Repeat the listing exactly. Pictures stay out of your copy.

Entries provided
+---+
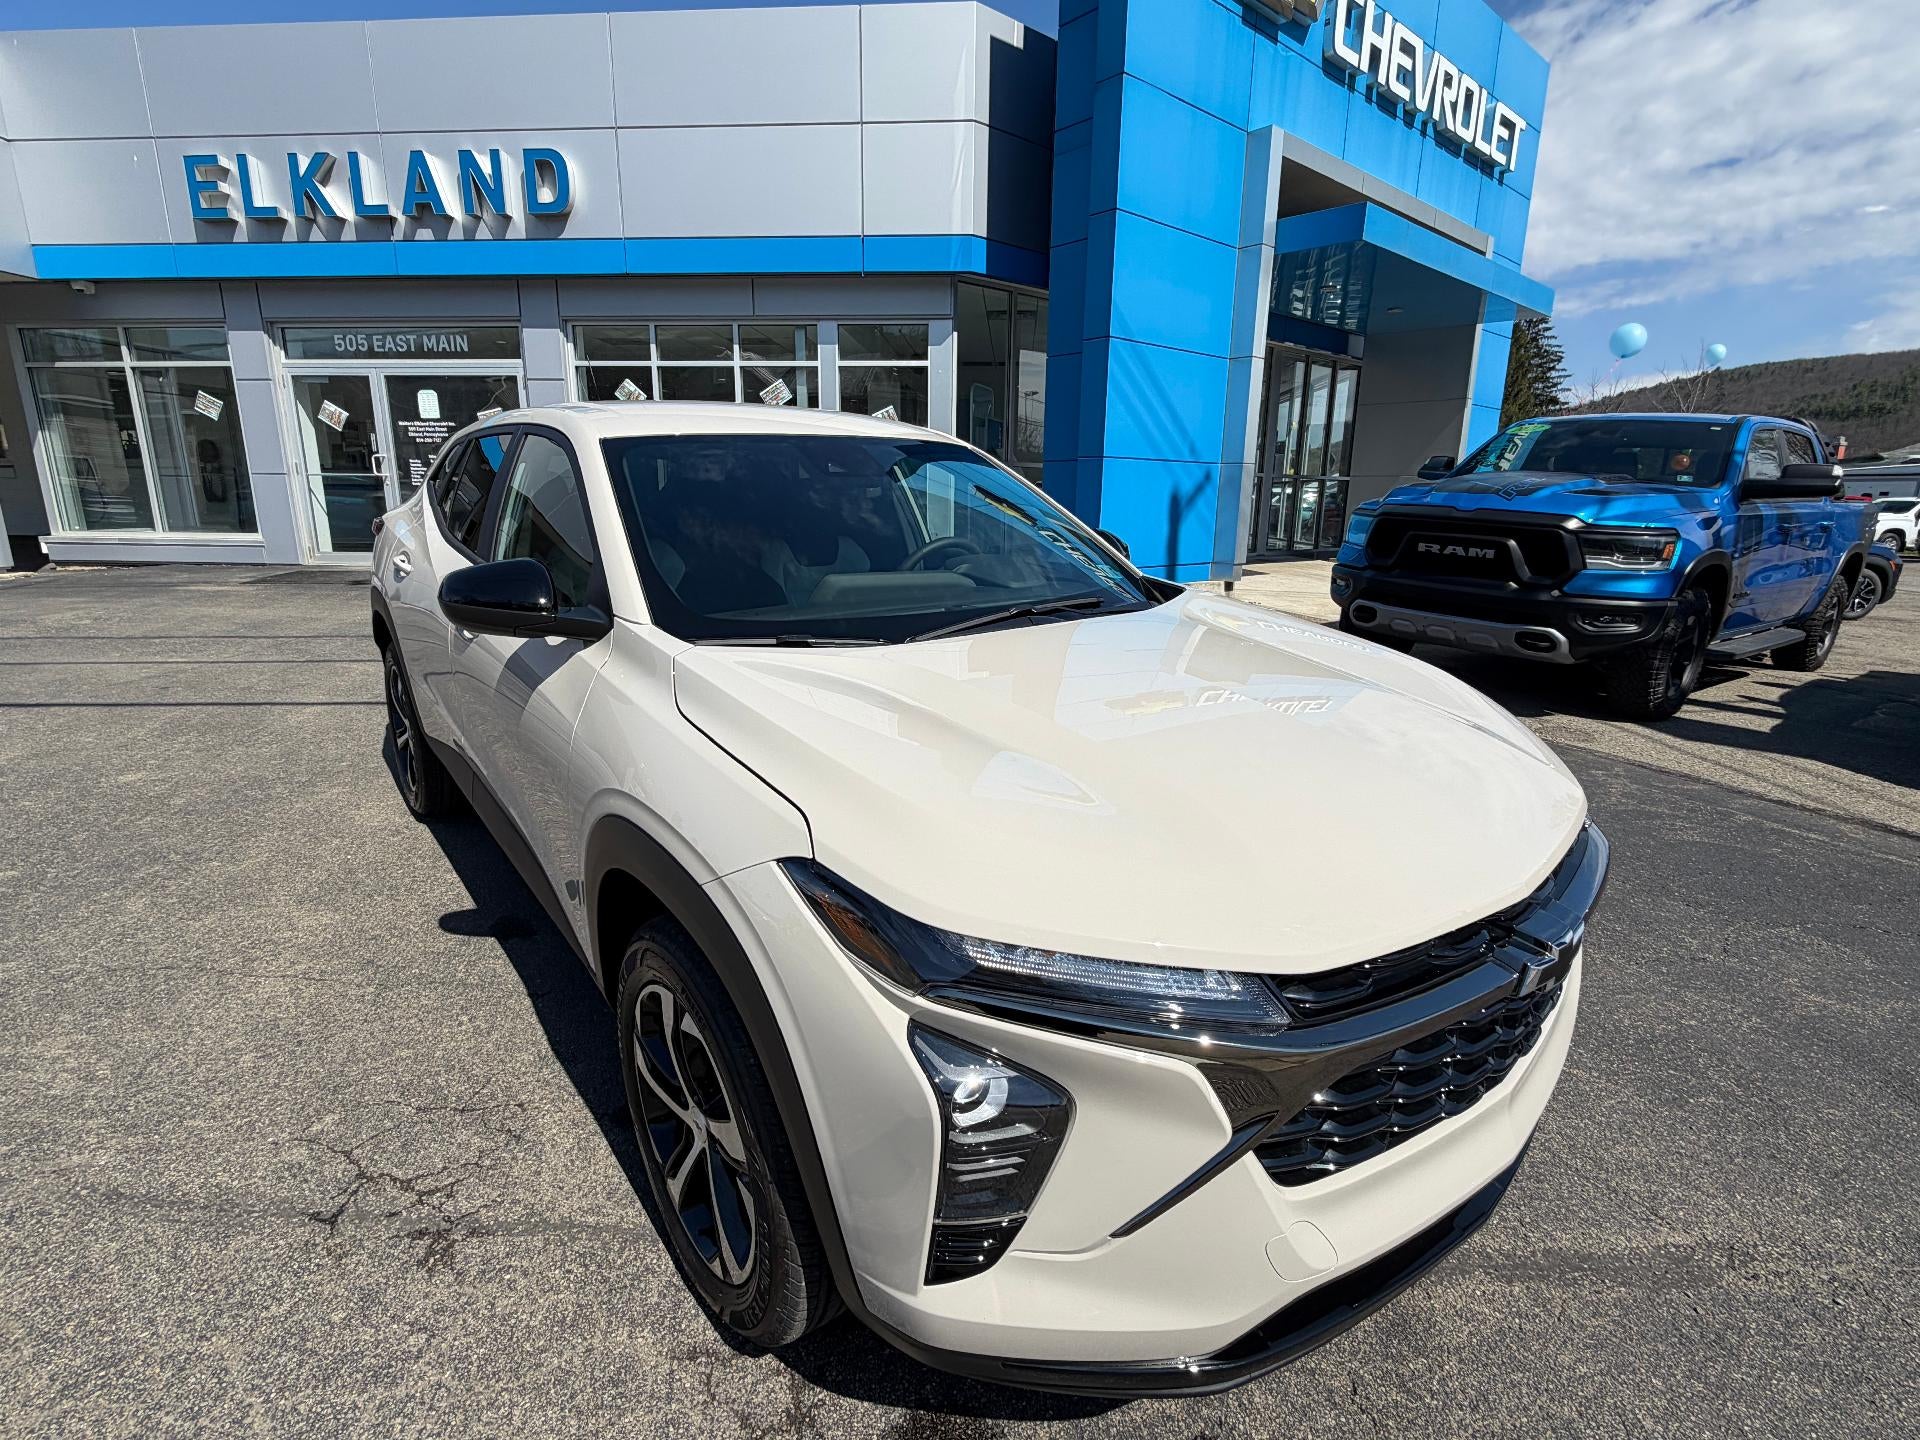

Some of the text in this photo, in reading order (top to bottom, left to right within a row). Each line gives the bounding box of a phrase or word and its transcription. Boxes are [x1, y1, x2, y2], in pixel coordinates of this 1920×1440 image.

[1333, 0, 1527, 172] CHEVROLET
[182, 147, 571, 221] ELKLAND
[333, 334, 469, 353] 505 EAST MAIN
[1418, 542, 1496, 559] RAM
+---+
Your response
Some of the text in this photo, in reading order (top to bottom, left to right within a row). Each line gives the bounding box of a phrase or word and its transcription. Boxes are [x1, y1, x2, y2], in pixel coordinates of this 1920×1440 image.

[1333, 0, 1527, 172] CHEVROLET
[182, 147, 571, 221] ELKLAND
[333, 334, 469, 353] 505 EAST MAIN
[1418, 542, 1496, 559] RAM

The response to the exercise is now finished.